*** Begin section ***

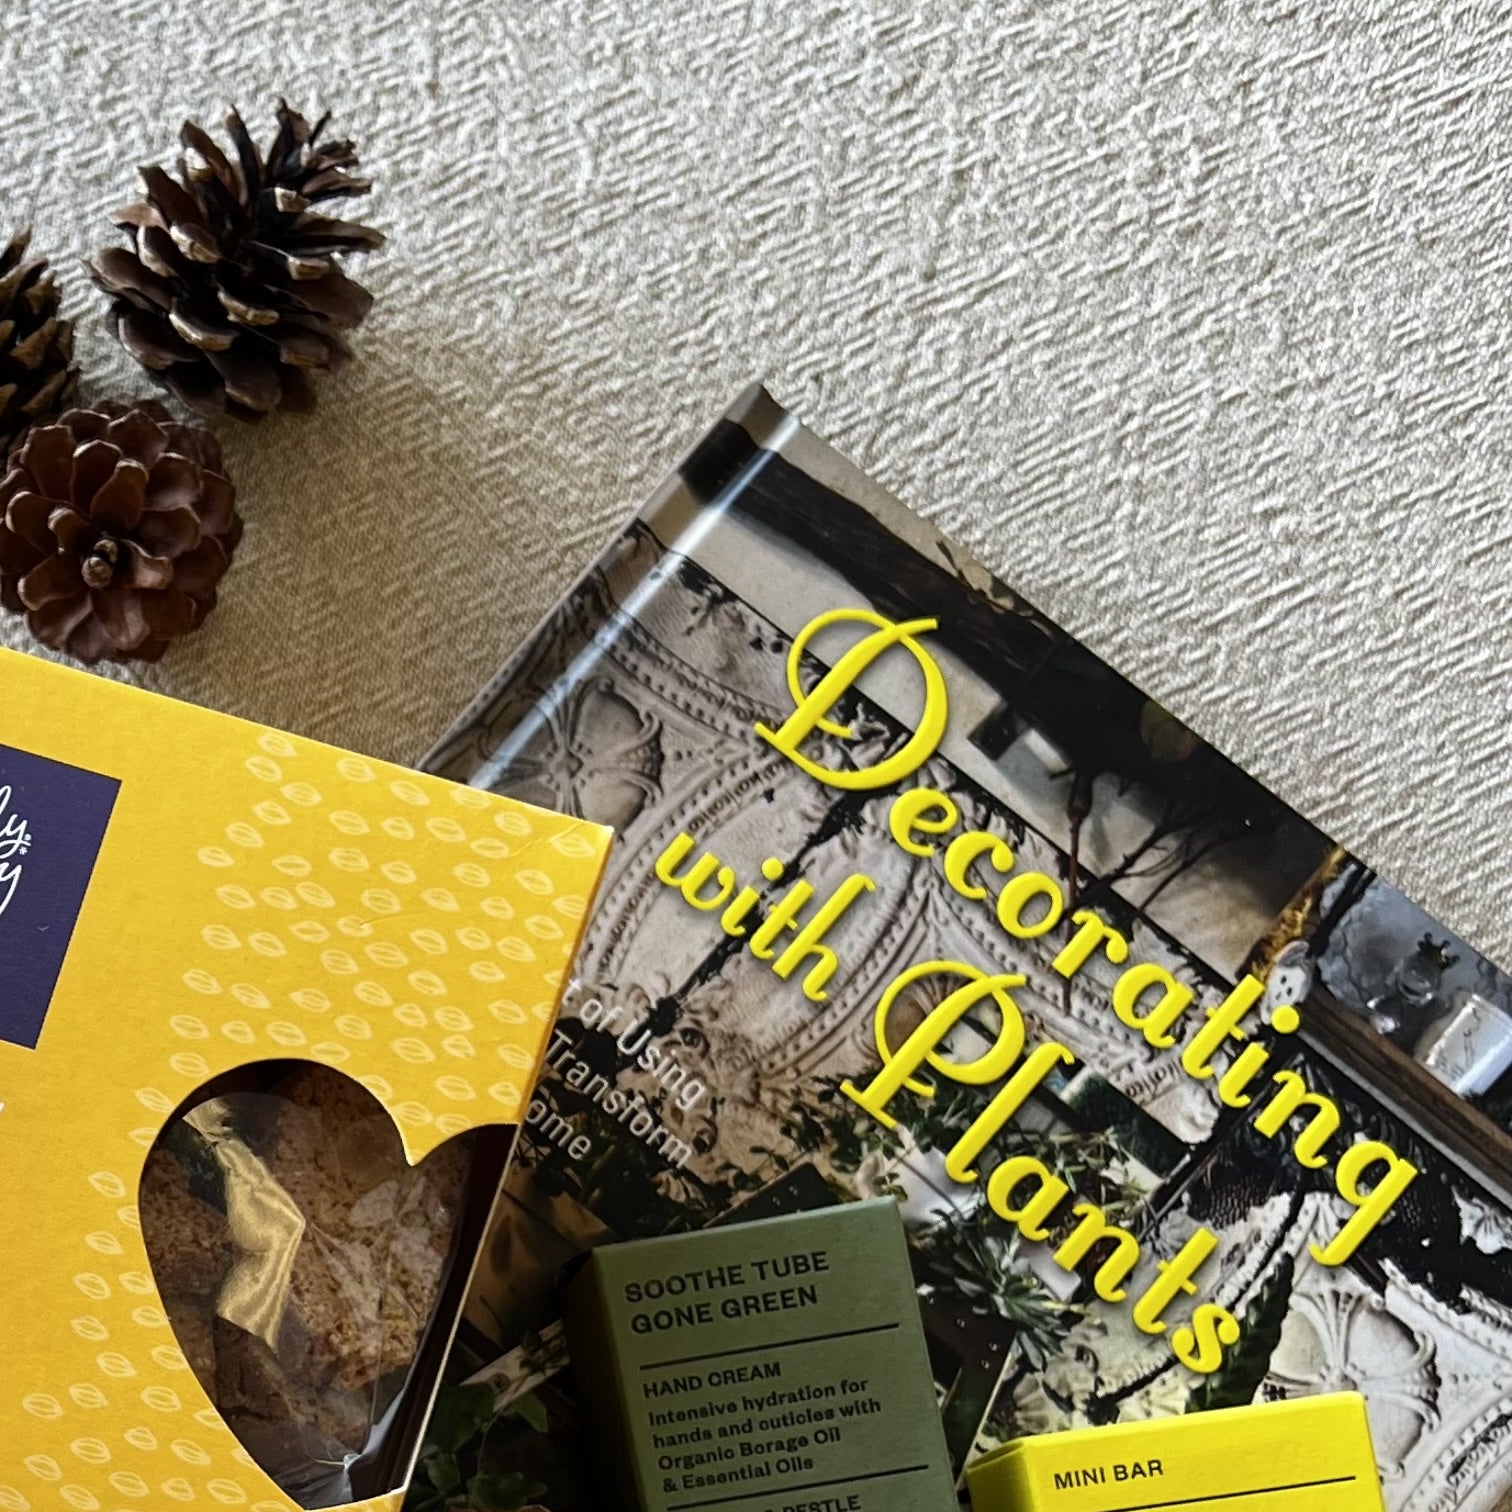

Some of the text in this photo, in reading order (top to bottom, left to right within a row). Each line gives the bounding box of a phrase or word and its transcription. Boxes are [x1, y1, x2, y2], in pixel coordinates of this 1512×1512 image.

[755, 608, 1417, 1267] Decorating
[579, 998, 706, 1111] of Using
[544, 1029, 692, 1168] Transform
[654, 832, 1240, 1375] with Plants
[525, 1100, 591, 1160] ome
[624, 1251, 829, 1303] SOOTHE TUBE
[631, 1285, 818, 1334] GONE GREEN
[643, 1362, 781, 1399] HAND CREAM
[649, 1377, 869, 1427] Intensive hydration for
[653, 1397, 881, 1448] hands and cuticles with
[658, 1427, 841, 1471] Organic Borage Oil
[663, 1455, 814, 1492] & Essential Oils
[1054, 1459, 1164, 1491] MINI BAR
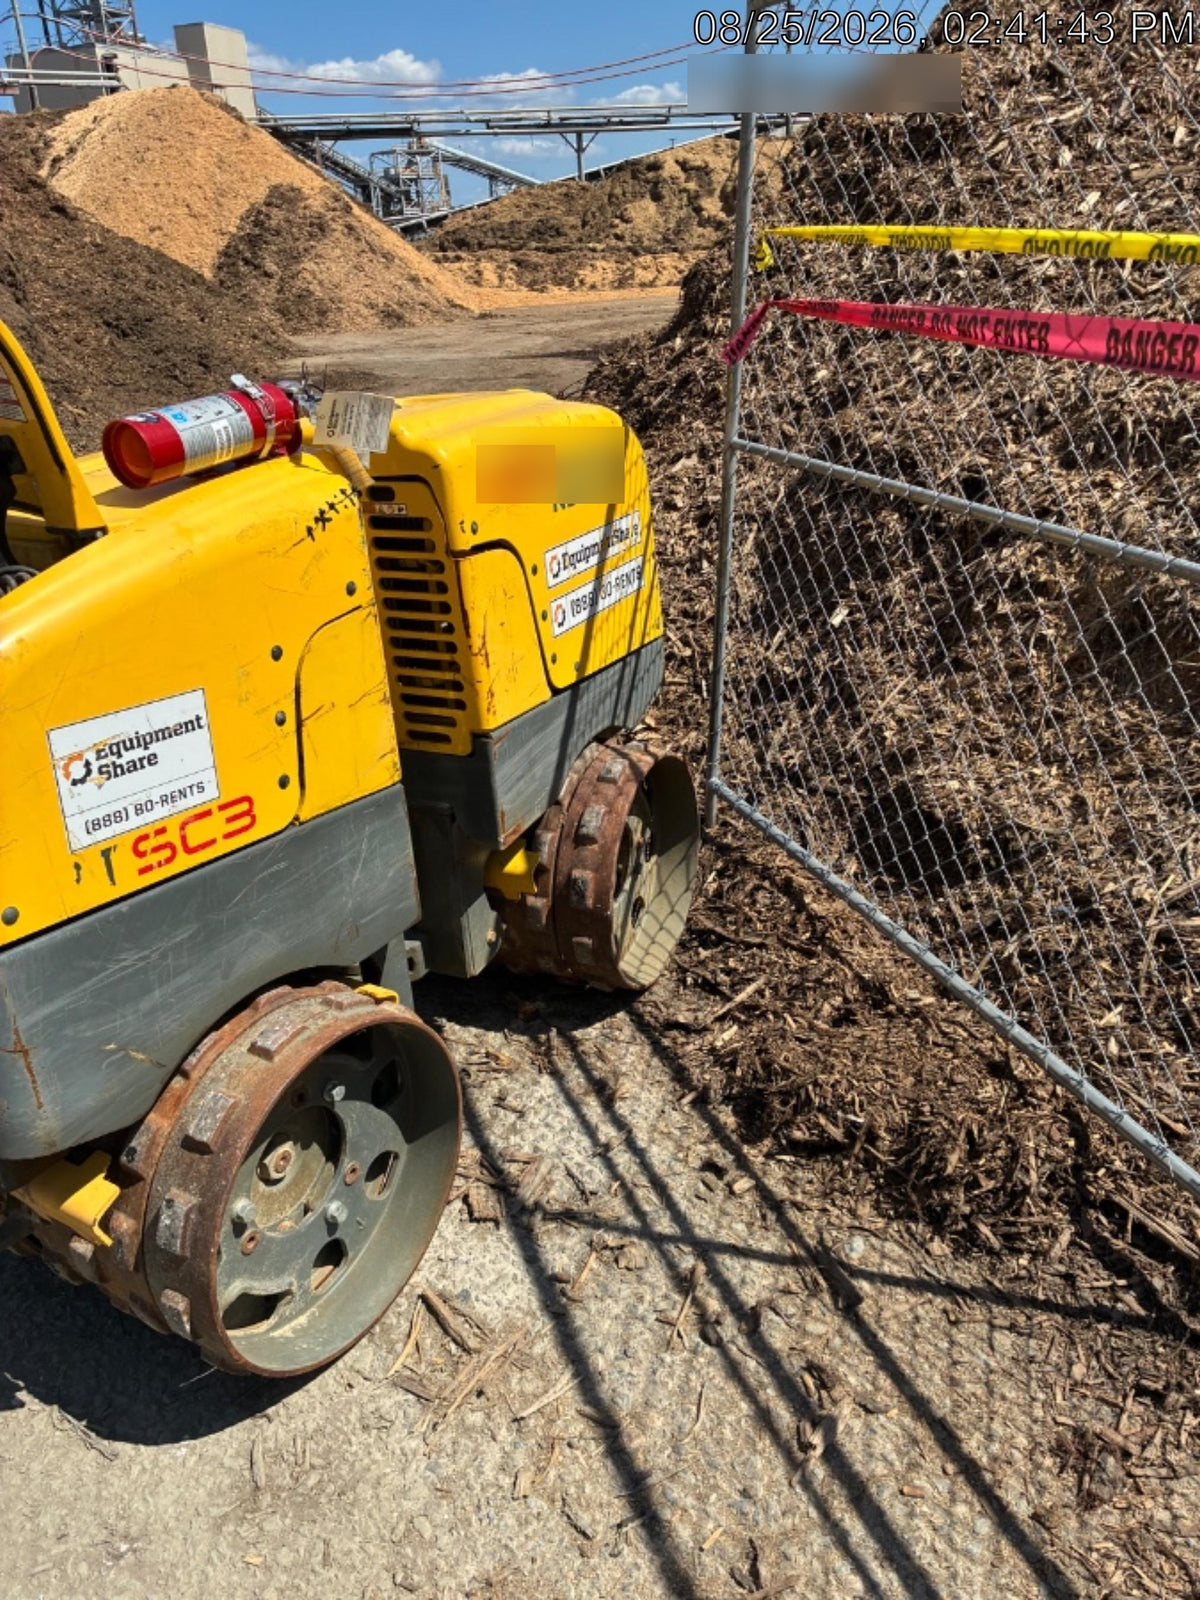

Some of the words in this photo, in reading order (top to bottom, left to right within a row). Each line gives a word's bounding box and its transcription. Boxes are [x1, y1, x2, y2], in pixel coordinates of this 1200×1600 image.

[993, 317, 1051, 351] ENTER
[1105, 327, 1199, 375] DANGER
[95, 714, 204, 761] Equipment
[97, 752, 159, 782] Share
[84, 807, 130, 835] (888)
[134, 781, 206, 817] 80-RENTS
[132, 795, 257, 876] SC3
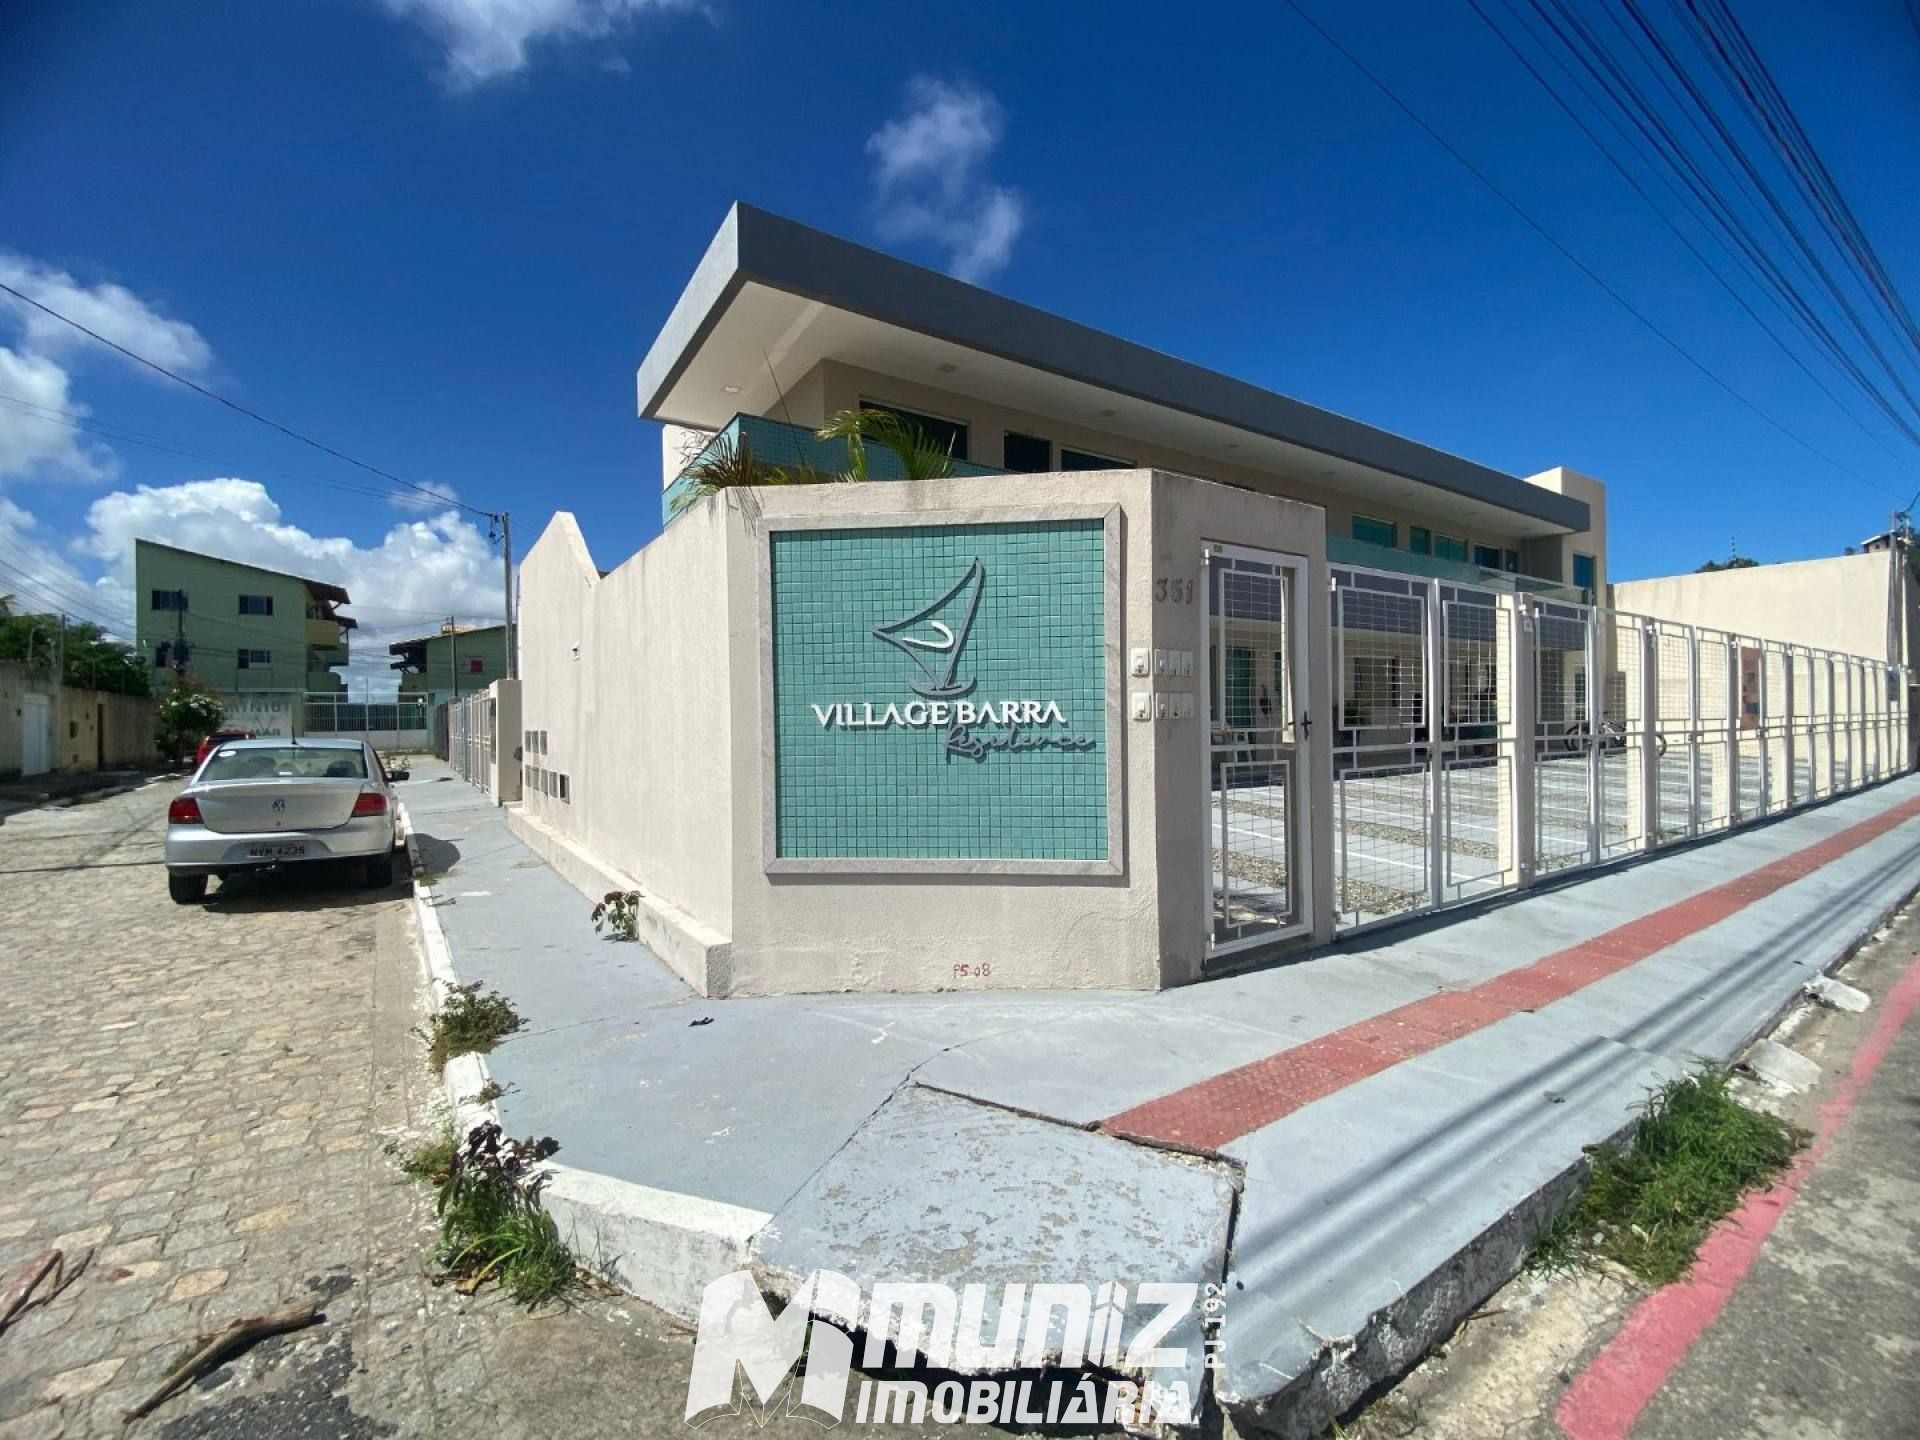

*** End section ***

Pictures are to be left out; the answer must otherwise be exactly the lines from the one with "Some of the words" through the final line of the entries above, both included.

Some of the words in this photo, in reading order (top to bottom, left to right within a row). Each line gives a word's bounding box and its transcription. Boxes are [x1, y1, x2, y2], in pixel coordinates of this 1200×1600 image.

[993, 317, 1051, 351] ENTER
[1105, 327, 1199, 375] DANGER
[95, 714, 204, 761] Equipment
[97, 752, 159, 782] Share
[84, 807, 130, 835] (888)
[134, 781, 206, 817] 80-RENTS
[132, 795, 257, 876] SC3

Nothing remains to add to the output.